In the early 1990s the former Yugoslavia split into six countries, the smallest by a considerable way was Montenegro (the 2011 census reported a population of 625,266), an enclave in south Eastern Europe which has only been separated from Serbia since 2006. It’s not known as a sporting hub but on Saturday one of its native sons, Predrag Radosevic, will be contesting an IBF middleweight title eliminator against far more experienced Felix Sturm at the Westfalenhalle in Dortmund, Germany.
Interestingly enough, Sturm is a German national he is of Bosnian decent, adding a little extra spice to an already interesting contest that could see a changing of the guard, something Radosevic is keen to point out with a smile “You know that Sturm is from here (the old Yugoslavia) as well?”
The former three-time middleweight beltholder a quantum leap in levels for Radosevic, who is unperturbed by the considerable step up in class adding “Without doubt the fight with Sturm is the biggest fight of my career, something I was never dreaming of. However, while Sturm is the biggest fight of my career, for me he is an opponent the same as the other 27 I fought.”
Radosevic (27-0, 9 knockouts), who is ranked No. 4 by the IBF, was quick to point out that while he appreciates what Sturm has accomplished, as the younger man he has more to gain and that Sturm can ill afford another reverse.
“I’m aware of his achievements, but this is boxing and everybody has weak points,” he said. “He is 34; I’m 28. He had much harder fights and the big question is how much he has left. This is for me fight of my life, but for Sturm it’s the same. Coming off two loses, back to back, he knows if he loses this one it may be the end to his boxing career. He has much more to lose than me.”
The 2006 “Montenegro Sportsman of the Year” feels his strengths are much the same as his country in general though acknowledges he’ll need to use his brain as well as his fists to win this bout.
“Montenegro people in general are known as a people with huge heart,” he told RingTV.com. “One just has to look into the history of our country. I’m dedicated and determined, but a big heart will not be enough to beat Sturm and this is why we are working with my trainer Hartmut Schroder on strategy.”
Outside of Montenegro, very little is known about Radosevic. Last year the government took it upon themselves to contact Yugoslavian-born promoter Branco Milenkovic, who has lived in Johannesburg, South Africa for 25 years from where he operates his promotional empire, to see if he could help advance Radosevic’s career.
Milenkovic is internationally known having been involved in 65 IBF title fights in the past six years. Currently, he works with several fighters including current IBF flyweight titleholder Moruti Mthalane, as well as former junior middleweight title holder Jeffrey Mathebula, among others.

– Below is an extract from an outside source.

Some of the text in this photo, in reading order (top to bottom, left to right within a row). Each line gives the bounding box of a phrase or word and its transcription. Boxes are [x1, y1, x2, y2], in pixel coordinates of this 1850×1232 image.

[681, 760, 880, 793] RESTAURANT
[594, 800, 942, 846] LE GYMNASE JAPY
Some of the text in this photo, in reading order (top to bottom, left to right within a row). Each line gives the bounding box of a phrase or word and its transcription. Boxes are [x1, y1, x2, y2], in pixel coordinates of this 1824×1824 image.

Milenkovic was all too happy to help. Radosevic doesn’t remember much of the conflict that occurred in his homeland in the early ’90s.

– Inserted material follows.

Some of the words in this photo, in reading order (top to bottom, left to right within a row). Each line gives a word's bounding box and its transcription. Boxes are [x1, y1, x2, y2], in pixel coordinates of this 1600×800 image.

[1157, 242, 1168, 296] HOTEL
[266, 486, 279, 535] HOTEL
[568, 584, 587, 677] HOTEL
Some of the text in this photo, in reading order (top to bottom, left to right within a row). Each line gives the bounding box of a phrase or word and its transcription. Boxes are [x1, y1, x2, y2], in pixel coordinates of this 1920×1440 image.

“I was still young and didn’t understand many things,” he said before interestingly adding that he believes the move to independence weakened the country in more than one way.
“Something I understood very well later,” he said, “was the fact that as united Yugoslavia we were stronger not only as a country but as a sport nation as well.”

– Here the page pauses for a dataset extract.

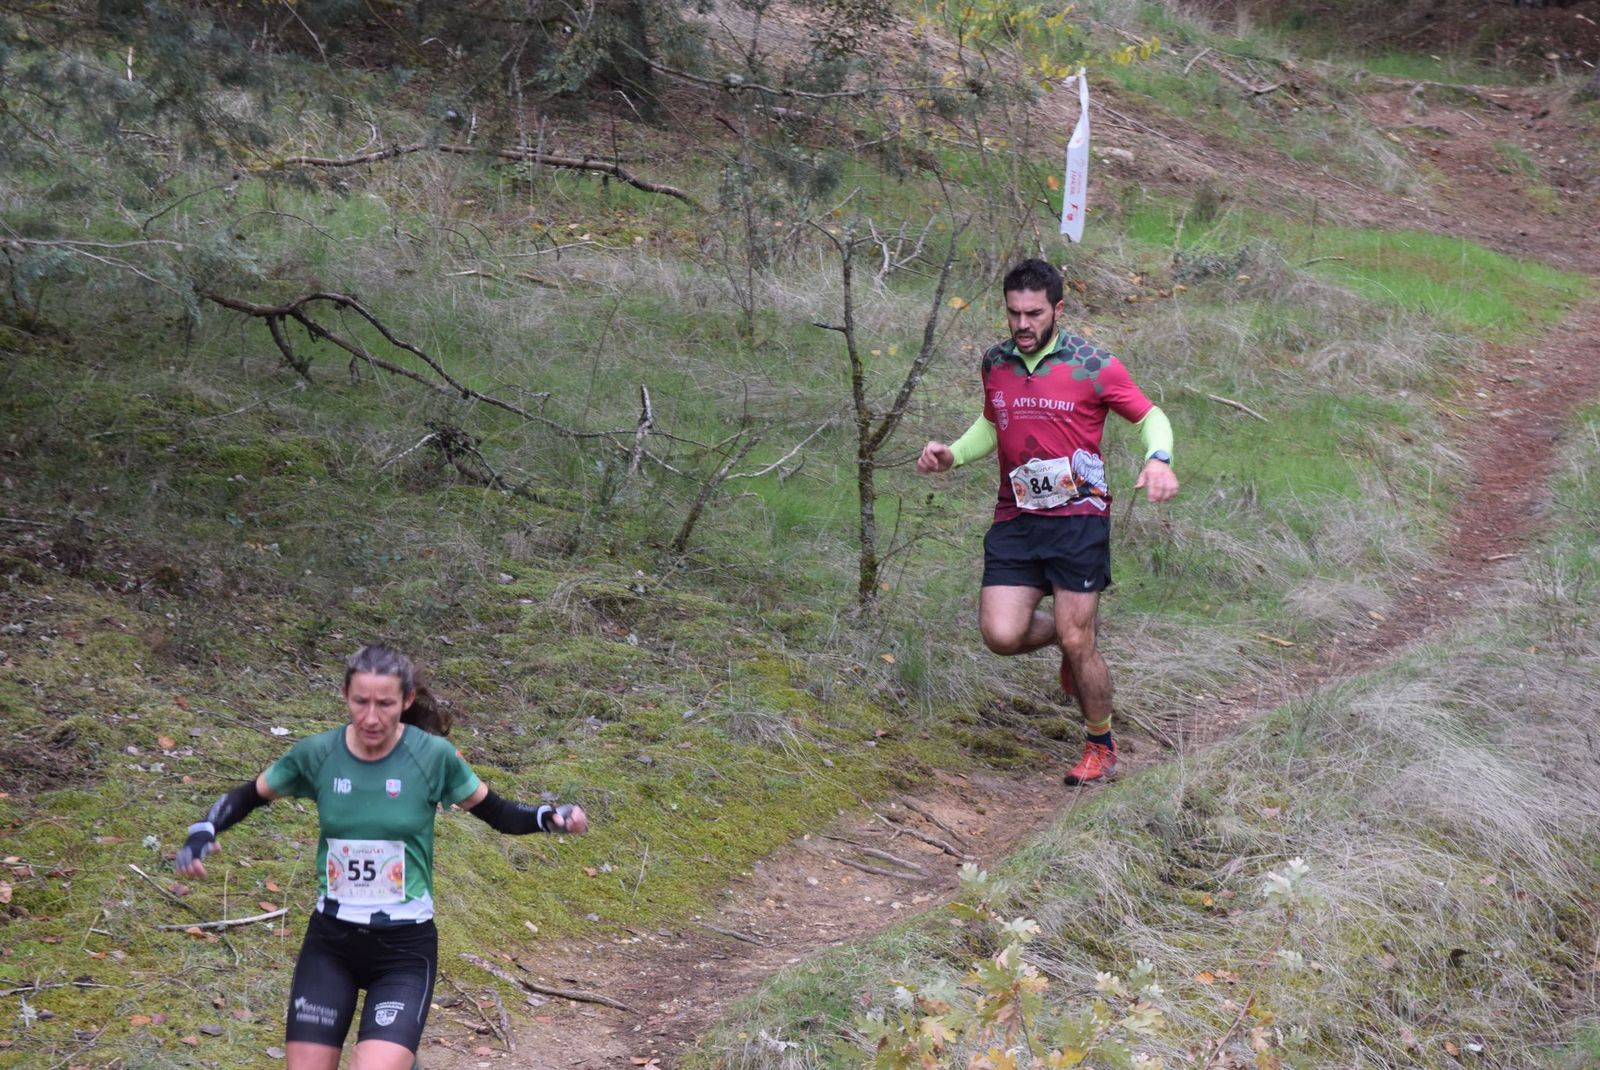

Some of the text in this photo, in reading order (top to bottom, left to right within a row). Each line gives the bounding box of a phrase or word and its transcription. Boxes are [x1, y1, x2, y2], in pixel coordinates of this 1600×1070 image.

[1013, 397, 1075, 412] APIS DURII
[1030, 476, 1053, 495] 84
[348, 860, 376, 881] 55
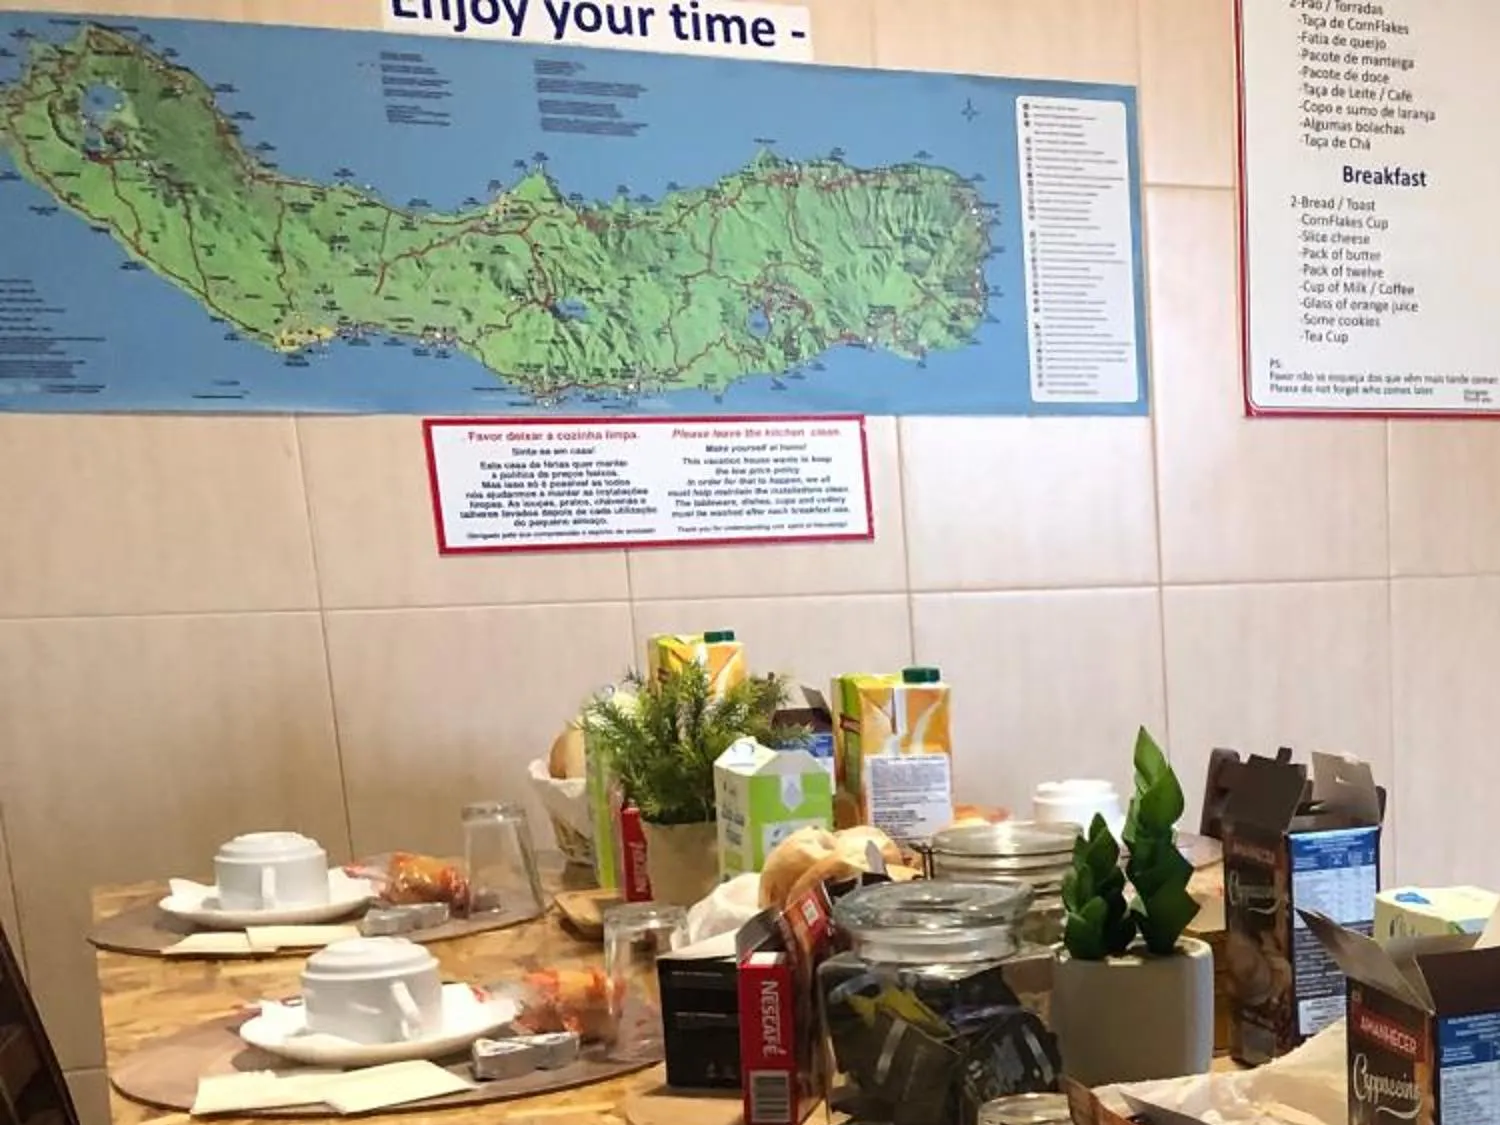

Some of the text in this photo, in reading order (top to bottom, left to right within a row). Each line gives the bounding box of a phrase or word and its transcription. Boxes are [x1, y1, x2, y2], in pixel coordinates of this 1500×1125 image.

While boxing isn’t a big sport in Montenegro it was always something he enjoyed from a young age.=
“I used to love boxing as a child,” Radosevic said. “My father, who was working on a ship, once brought me boxing gloves as a present and I think this is how it started.”
Young Radosevic gravitated towards boxing because it was about what he could do, whereas team sports were about being connected in Montenegro.
“Prior to starting boxing I used to play soccer for five years,” he said. “The reason I left soccer for boxing, was that in boxing if you are better than your opponent you will go further, unlike in soccer where you will get a place on the team not based on your ability but on that how well connected your father is.”
From there he had a relatively good amateur career of an estimated 90 wins against only 16 losses. His biggest amateur achievement was winning the Balkan championship but because of the war that was taking place at the time he wasn’t able to enter either the Olympics or the World Championships.
Radosevic is also part of the Montenegro Elite Police Unit for special projects and VIP Protection, a job he says he loves.
So far only two fighters – Mate Pavlov in 1978 and Jan Zaveck in 2009 (who was assisted by Branco Milenkovic) – from the old Yugoslavia have held world titles. He views this match as one that can really help his country gain recognition.
“Same as for myself, for Montenegro this is the historic event and it is huge excitement and expectations,” he said. “Without doubt it will put the country on the world boxing map.”
“(Sturm) is wrong if he believes that I will be stepping stone for him in order to get to the IBF world title. I’d love the IBF title, but for me it is not only about it but about my livelihood and about making Montenegro proud and all these people who have been supporting me. Maybe in the ring it will be only two of us but I know that every moment of the fight behind me will be all of Montenegro.”